2) Add water to the 2L mark
3) boil for 15 minutes.
4) Crash chill in ice to 19 degrees
5) Add Wyeast pack which has been swelling in the brew fridge at 19 degrees for 3+ hours
6) add sterilised stirbar and some loose fitting foil over the top
7) Throw on stirplate at 19degrees on a moderate spin for 24-48 hours. I don't really do this by a certain time period. Sometimes it'll sit on there up to 72 hours. I take it off when I notice there's no more visible activity
8) Throw my flask in the stubby fridge at around 3C. 
9) 12-24 hours later carefully decant liquid off of slurry
10) Back in the brew fridge which is now set at 18 degrees and has my cube in it
11) A few hours later once everything is 18, I pitch my yeast into the bottom of the fermenter and throw my wort on top.

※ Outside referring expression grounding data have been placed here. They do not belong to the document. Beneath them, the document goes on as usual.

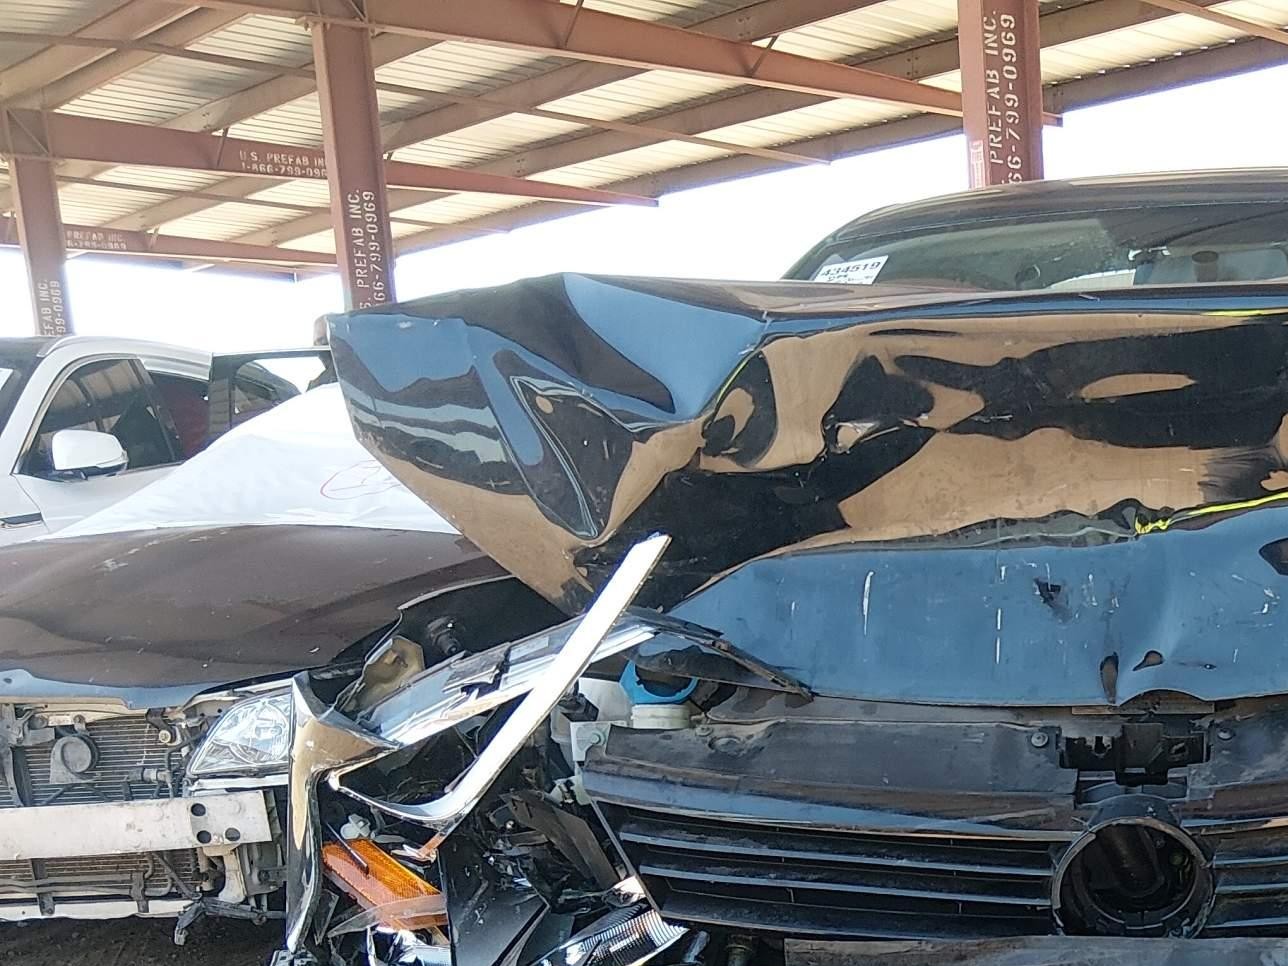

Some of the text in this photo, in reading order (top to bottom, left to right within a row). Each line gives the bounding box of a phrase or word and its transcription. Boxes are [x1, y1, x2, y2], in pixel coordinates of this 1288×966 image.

[983, 10, 1003, 164] PREFAB INC.
[266, 152, 309, 166] PREFAB
[347, 189, 362, 219] INC.
[351, 227, 370, 288] PREFAB
[362, 191, 386, 306] 66-799-0969

Now the bit I think I could do with some feedback on is I guess step 7-10. It seems not only inefficient to me to go cold -> warm -> cold warm but also something I should probably avoid doing to my yeast. 

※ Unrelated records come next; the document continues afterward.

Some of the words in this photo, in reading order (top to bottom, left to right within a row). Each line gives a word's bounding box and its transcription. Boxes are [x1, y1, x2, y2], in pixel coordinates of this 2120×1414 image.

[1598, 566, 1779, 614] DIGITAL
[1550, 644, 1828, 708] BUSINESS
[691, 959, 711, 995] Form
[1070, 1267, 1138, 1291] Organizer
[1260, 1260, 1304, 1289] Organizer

Would a better option for step 8 to be to just let the yeast settle out naturally over a couple of days?


----------



## bruce86 (28/2/13)

i baisically do what you do. works fine for me


----------



## Truman42 (28/2/13)

I do this.

1. At 10 mins after start of boil drain off 2 litres of wort and put into my flask and crash chill to around 22C.

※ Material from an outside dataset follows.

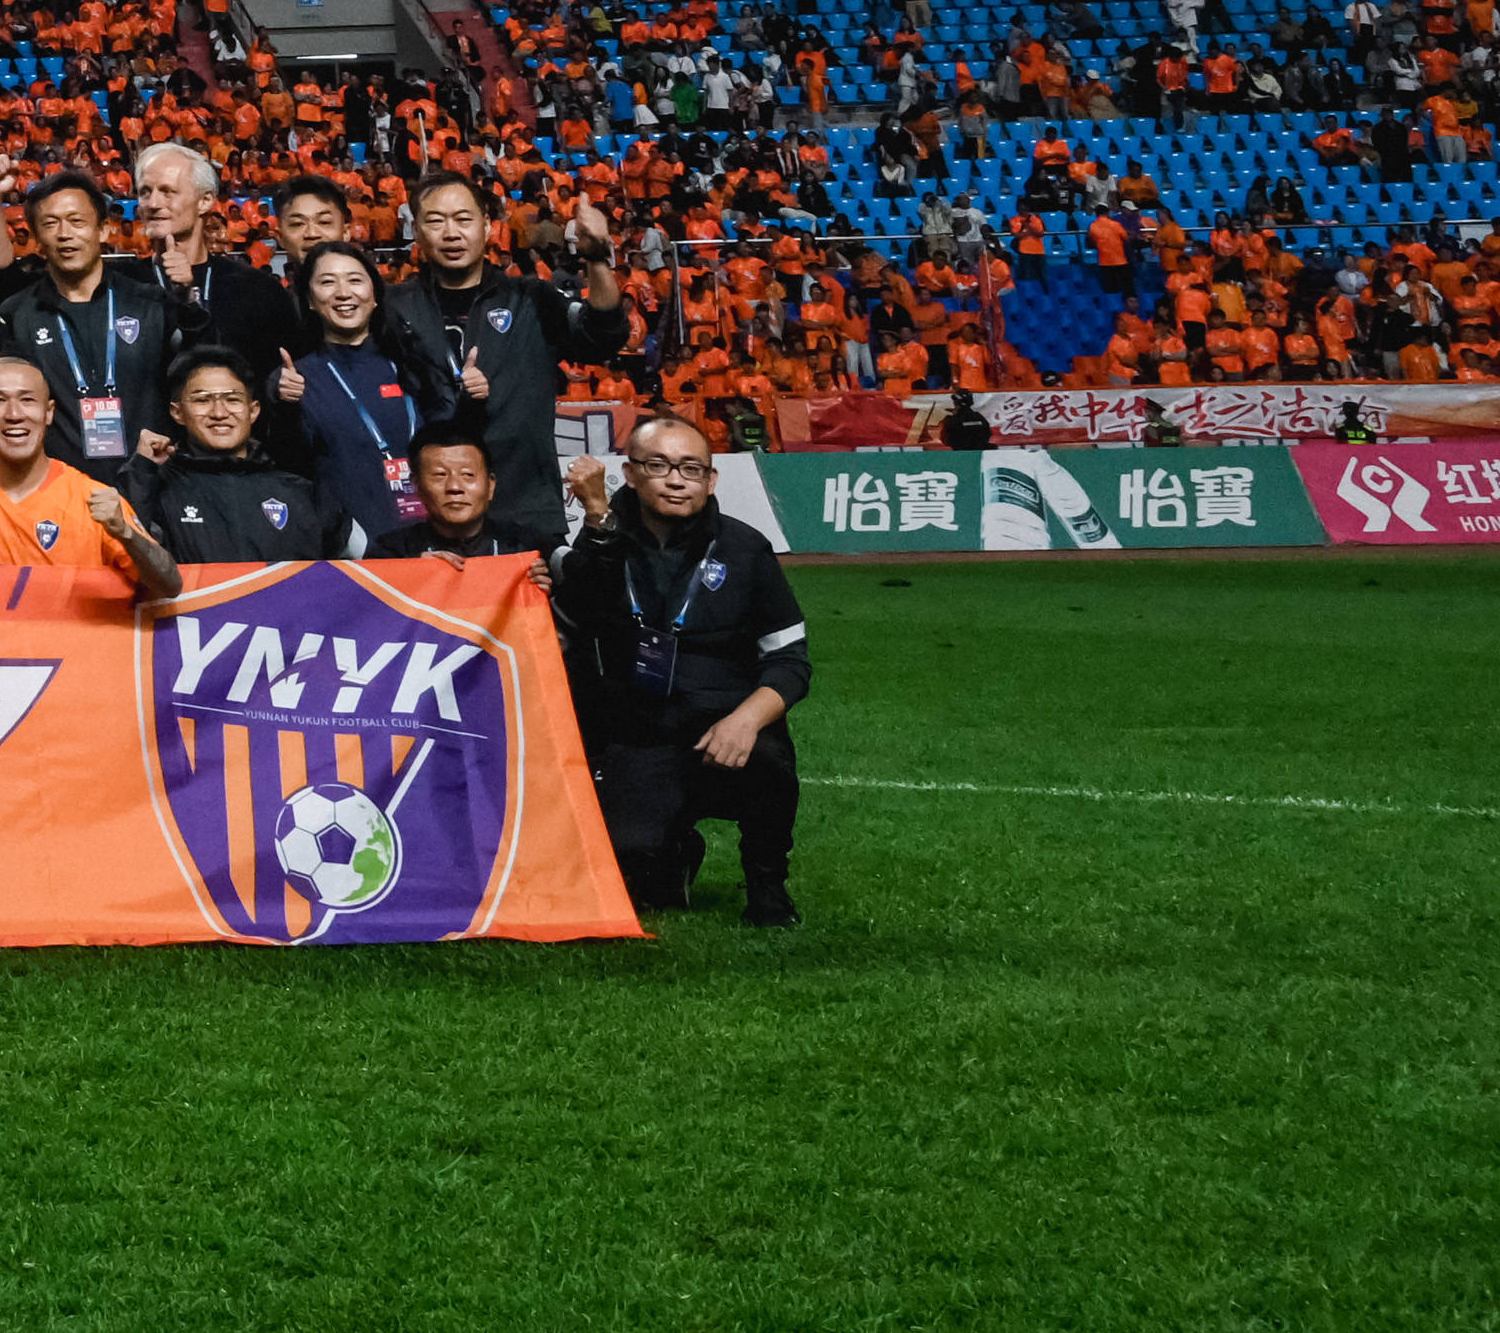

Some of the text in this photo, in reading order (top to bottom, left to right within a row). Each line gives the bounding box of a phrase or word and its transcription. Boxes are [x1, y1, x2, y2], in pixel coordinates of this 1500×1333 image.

[823, 471, 959, 532] 怡寶
[1119, 466, 1257, 528] 怡寶
[172, 616, 484, 722] YNYK
[244, 710, 420, 730] YUNNAN YUKUN FOOTBALL CLUB

2. Add my smacked yeast pack and stir bar and put on the stir plate. (I switch of the stir plate when I go to bed that night.)

3. When Ive finished brewing and drained the wort into my fermenter via the chiller its usually around 25-30C still so I put it in the fermentation fridge set at around 22C.

4. The next morning pour the entire flask of starter into the fermenter whilst straining to catch the stir bar.

Saves me having to chill the starter and pour off the beer. Saves me having to buy DME to make my starter and im pitching my starter when its rip roaring and the yeast are partying hard.


----------



## Phoney (28/2/13)

A couple of questions; 1) If you're using an entire pack of wyeast per batch of beer (which I presume is ~23L) - why bother creating a starter and not just pitch the swollen packet directly into your wort? It even says on the packet that it's ready to go for a 5 gallon batch.
2) Why don't you throw the stir bar in between step 2 & 3? Boiling it for 15 mins is the best & easiest way of sterilising it. 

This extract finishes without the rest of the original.